Page 1 of 1

problem with parallel job

Posted: Fri Jan 19, 2007 2:11 pm
by kirankota79
Hi,

I have an input seq file just passing through the transformer without any changes to an output sequential file.
When i do this task with server job, i can see the output same as the input.
But when i do this task with parallel job, the output file is scrambled vesion of the input file, i mean the output file doesn't contain the data in the order that we have in the input file, they are getting shuffled, output file first contains even columns and then odd columns. I am not able to figure out the problem. Is it problem with compiler? Need help!

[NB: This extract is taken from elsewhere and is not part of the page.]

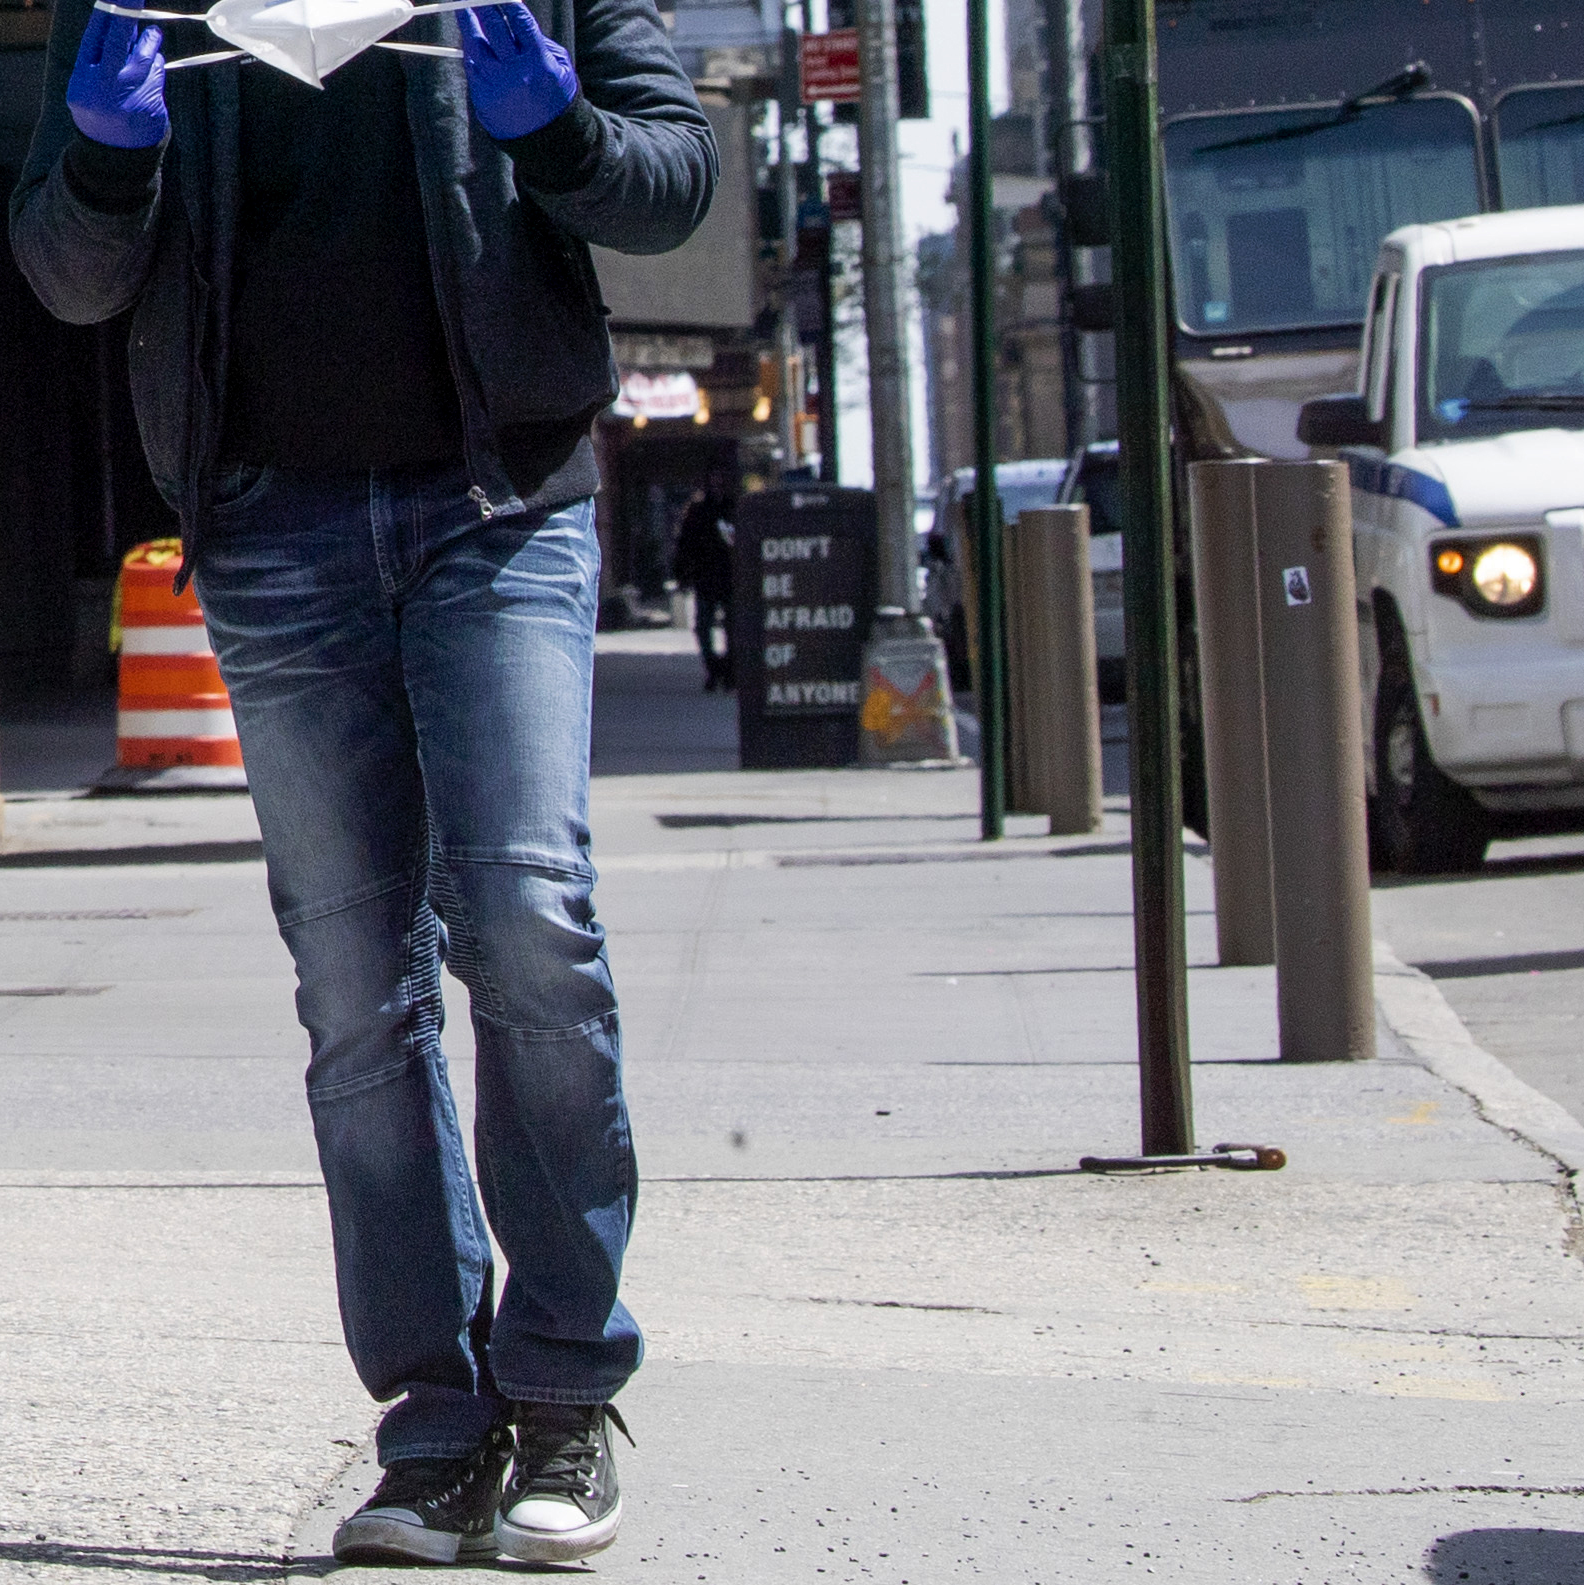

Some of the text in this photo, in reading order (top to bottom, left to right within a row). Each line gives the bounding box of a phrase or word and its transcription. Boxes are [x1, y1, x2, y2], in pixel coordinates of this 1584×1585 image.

[762, 536, 830, 561] DON'T
[763, 574, 793, 598] BE
[764, 605, 854, 630] AFRAID
[764, 643, 796, 668] OF

Posted: Fri Jan 19, 2007 2:18 pm
by velagapudi_k
Are you saying the data is shuffled or the column order changed? If the data is shuffled, then it is totally expectable cause the data is distributed randomly among the number of nodes your datastage is using and then collected back at the output. If the column order is changed, then you have check your mapping.

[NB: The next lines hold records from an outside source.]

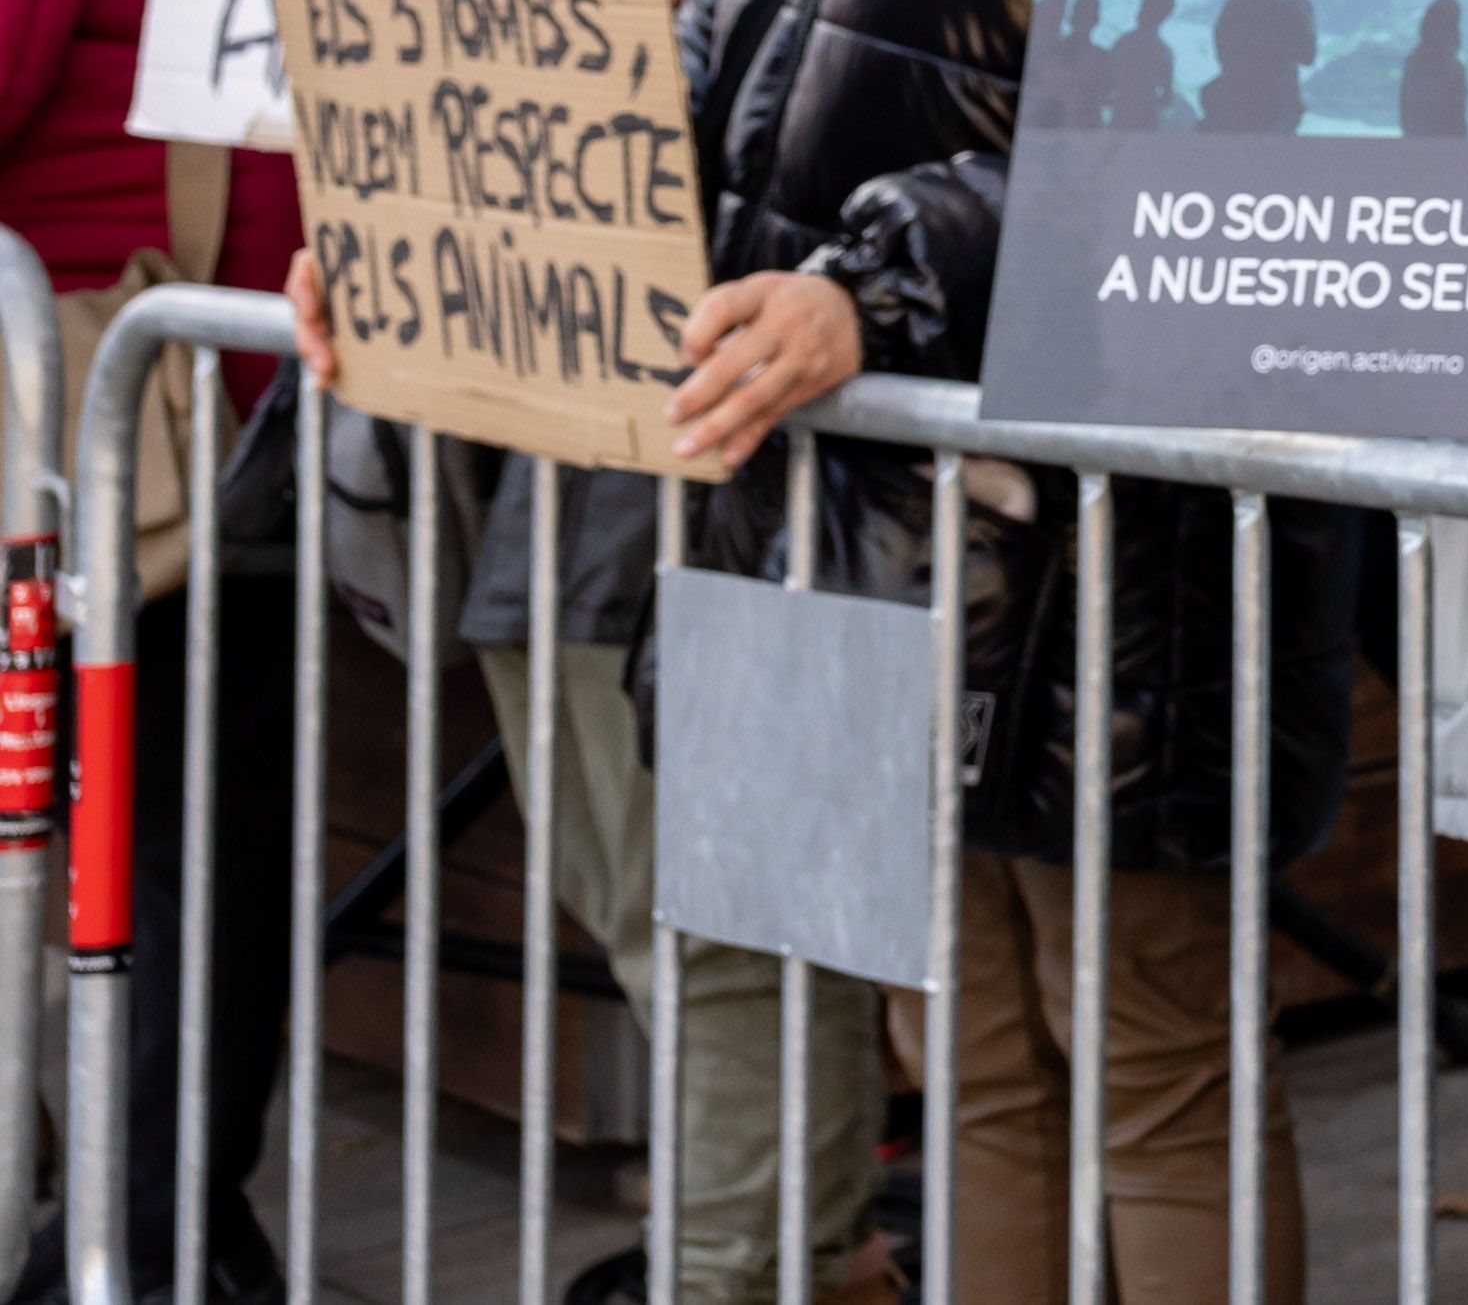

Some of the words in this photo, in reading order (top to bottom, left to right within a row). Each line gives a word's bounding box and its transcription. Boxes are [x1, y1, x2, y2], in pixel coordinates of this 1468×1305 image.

[432, 80, 683, 228] RESPECTE
[1133, 191, 1215, 241] NO
[1221, 193, 1334, 243] SON
[1098, 254, 1139, 302] A
[1148, 254, 1393, 309] NUESTRO
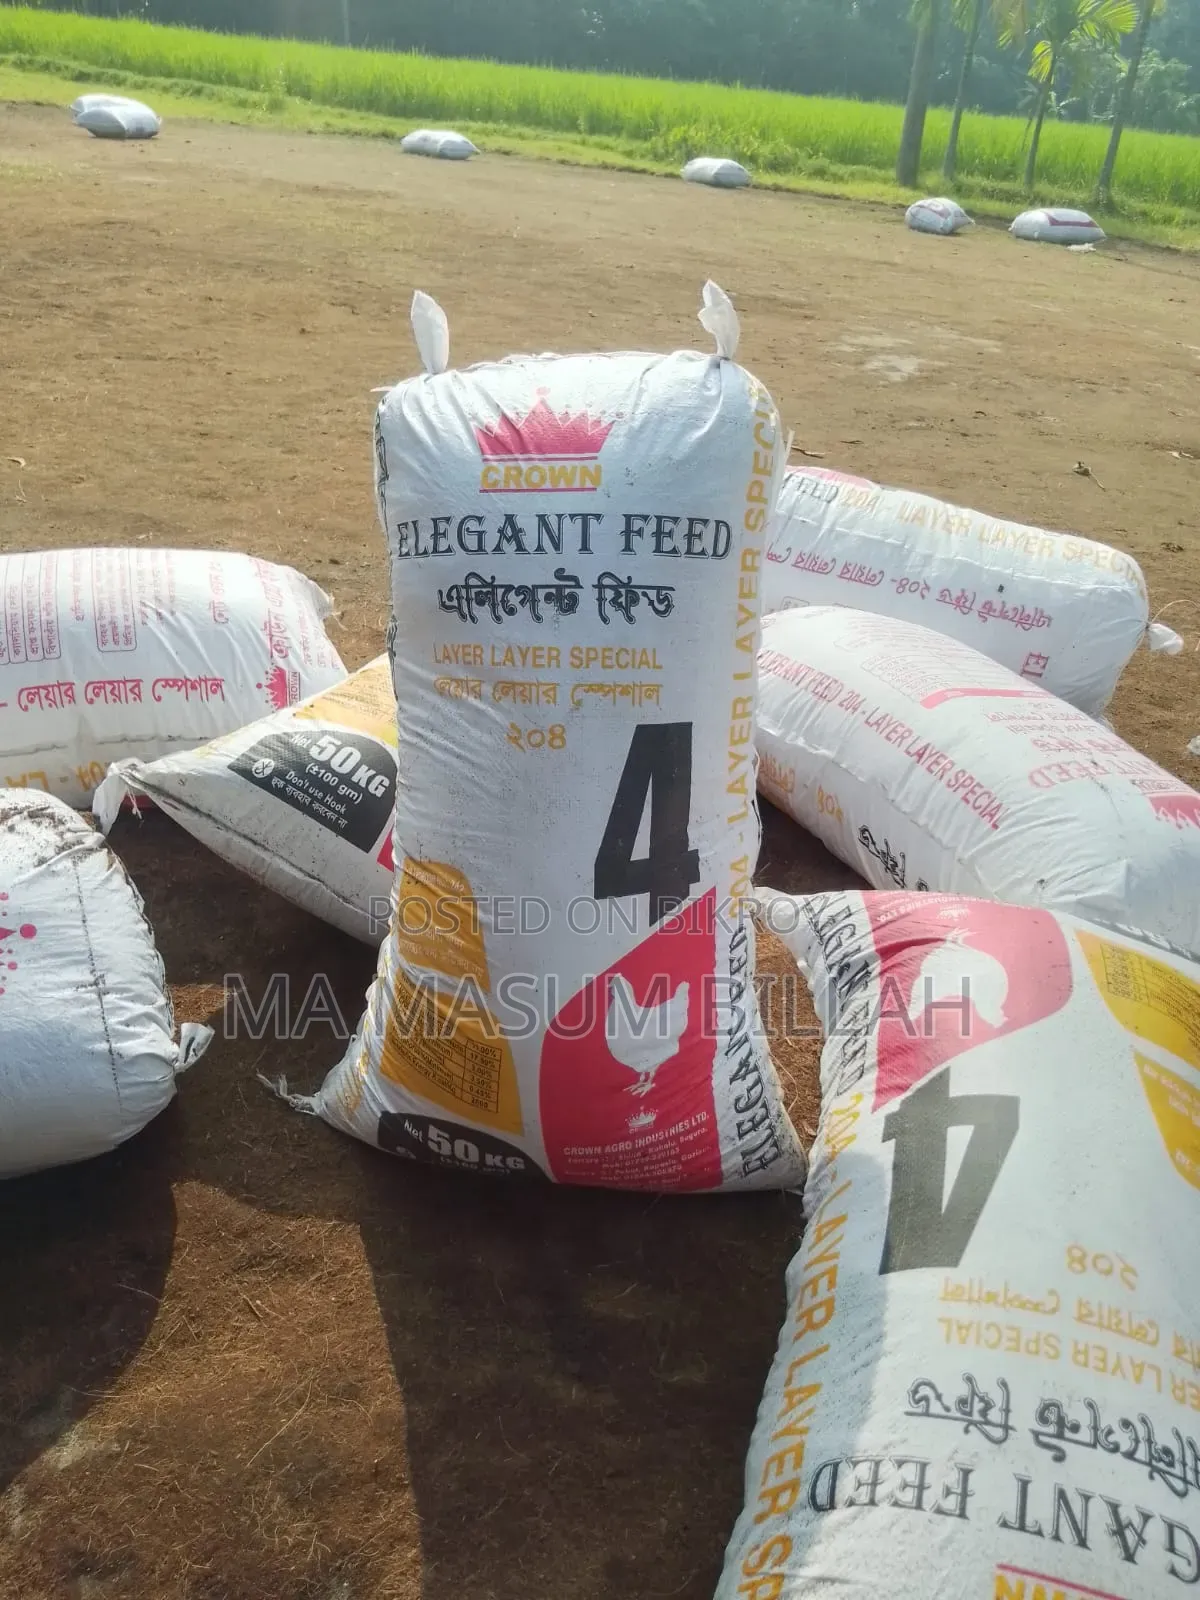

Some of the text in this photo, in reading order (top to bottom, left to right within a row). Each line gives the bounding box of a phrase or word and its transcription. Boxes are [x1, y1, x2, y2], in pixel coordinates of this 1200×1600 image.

Posted: Fri Jan 19, 2007 2:20 pm
by kirankota79
column order is not changed. only data is shuffled!

Posted: Fri Jan 19, 2007 2:28 pm
by I_Server_Whale
And that is expected in a parallel job. :wink:

Posted: Fri Jan 19, 2007 2:38 pm
by DSguru2B
This is due to the fact that the data is partitioned and executed on different nodes in parallel. One node could finish faster than the other and hence the shuffled behaviour. If you want the output to be in order, go to your output sequential file under 'Partitioning' tab, change the Collector Type to 'Sort Merge'. Choose the key on which the input is sorted on. That will make sure your data is intact on output.